__Your instructions__
Your job is to return the whole listing unchanged while skipping its images.

------ Dataset extract

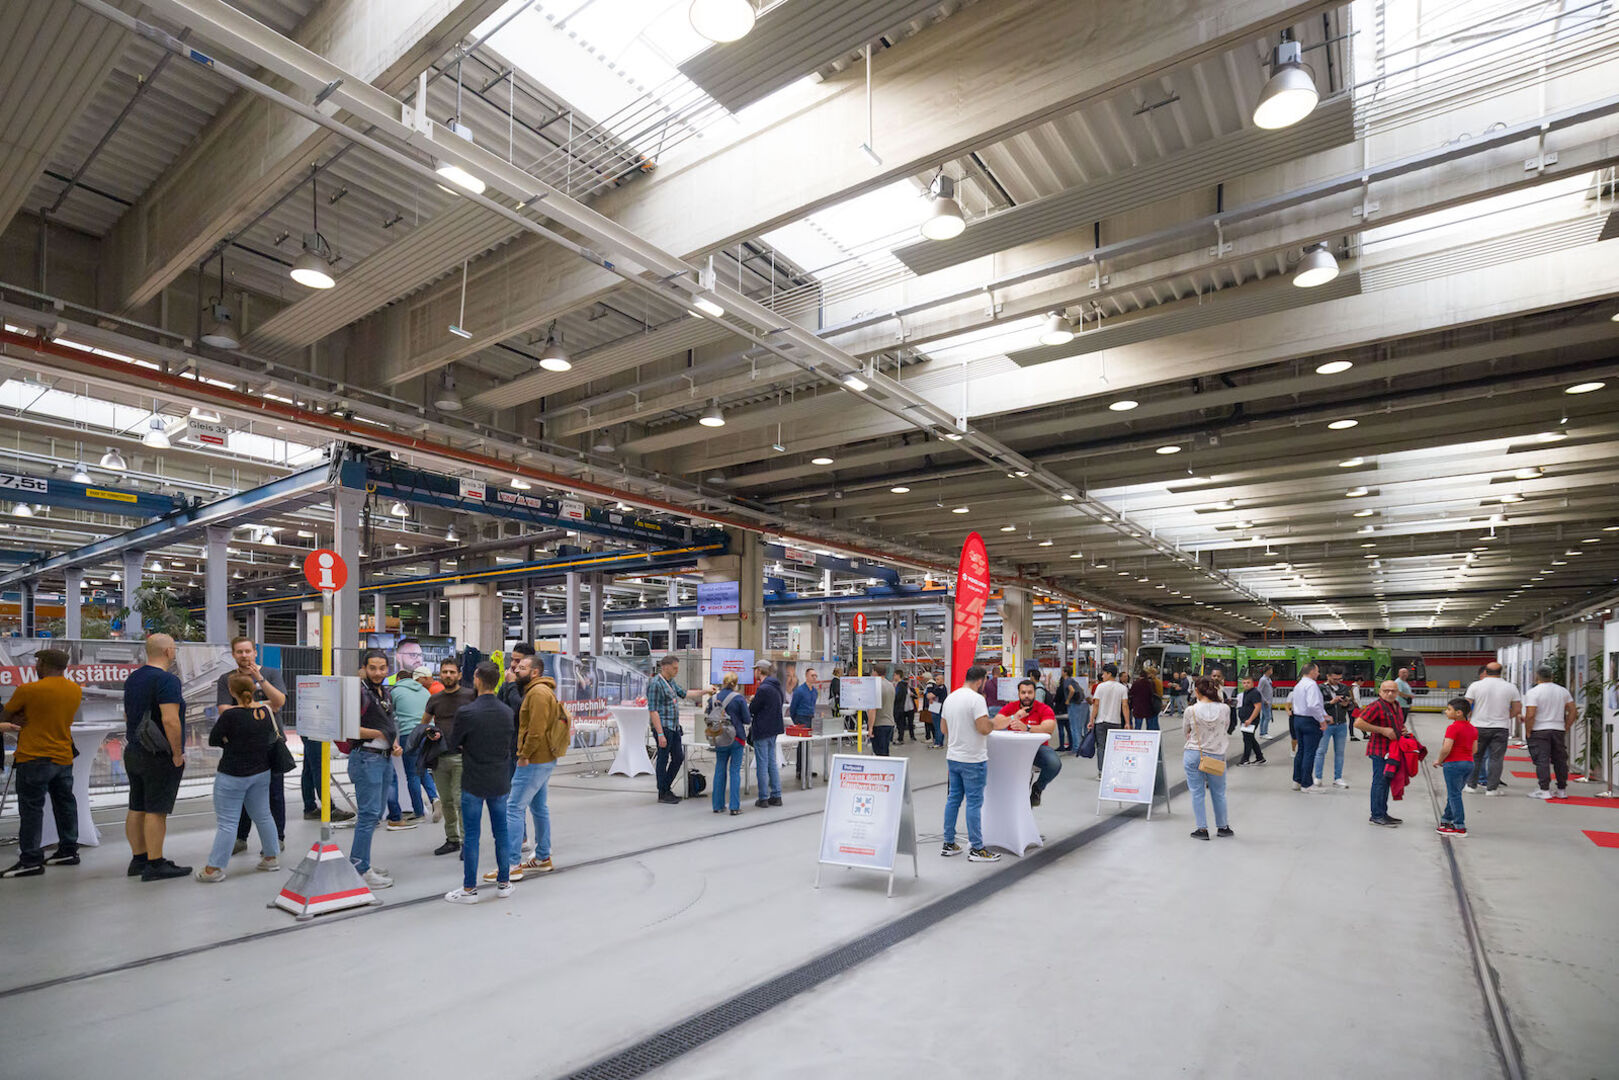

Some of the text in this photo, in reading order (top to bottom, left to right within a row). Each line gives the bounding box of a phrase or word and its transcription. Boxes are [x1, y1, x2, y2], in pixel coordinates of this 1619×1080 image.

[190, 420, 227, 434] Gleis 35
[0, 474, 46, 490] 7,5t
[19, 665, 138, 684] Wkstätte
[564, 699, 606, 712] tentechnik
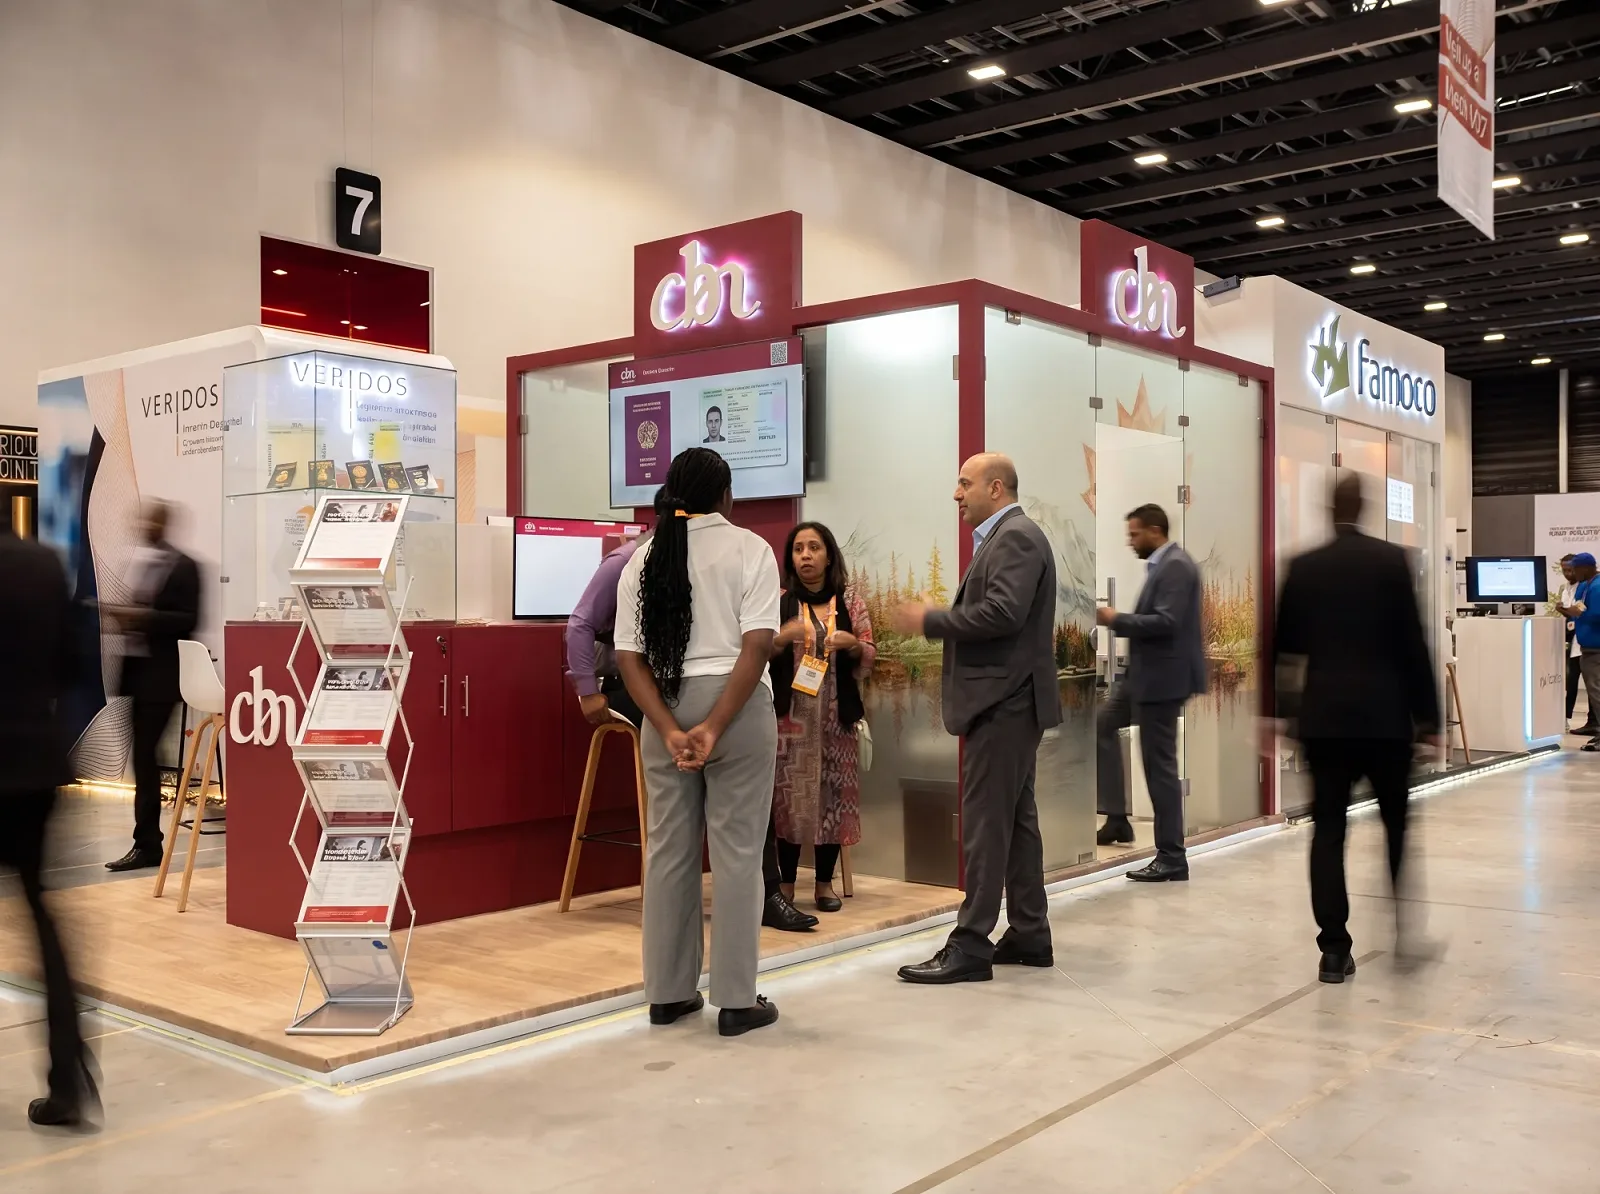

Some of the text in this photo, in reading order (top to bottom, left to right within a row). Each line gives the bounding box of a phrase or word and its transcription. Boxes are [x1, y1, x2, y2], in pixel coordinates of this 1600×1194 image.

------------

__Solution for this problem__
Some of the text in this photo, in reading order (top to bottom, left to right within a row). Each line gives the bounding box of a phrase or word and its transcription. Boxes are [x1, y1, x2, y2], in pixel coordinates of this 1619×1080 image.

[190, 420, 227, 434] Gleis 35
[0, 474, 46, 490] 7,5t
[19, 665, 138, 684] Wkstätte
[564, 699, 606, 712] tentechnik

Some of the text in this photo, in reading order (top to bottom, left to right within a row). Each line gives the bounding box of a phrase or word and its transcription. Boxes are [x1, y1, x2, y2], in pixel coordinates of this 1600×1194 image.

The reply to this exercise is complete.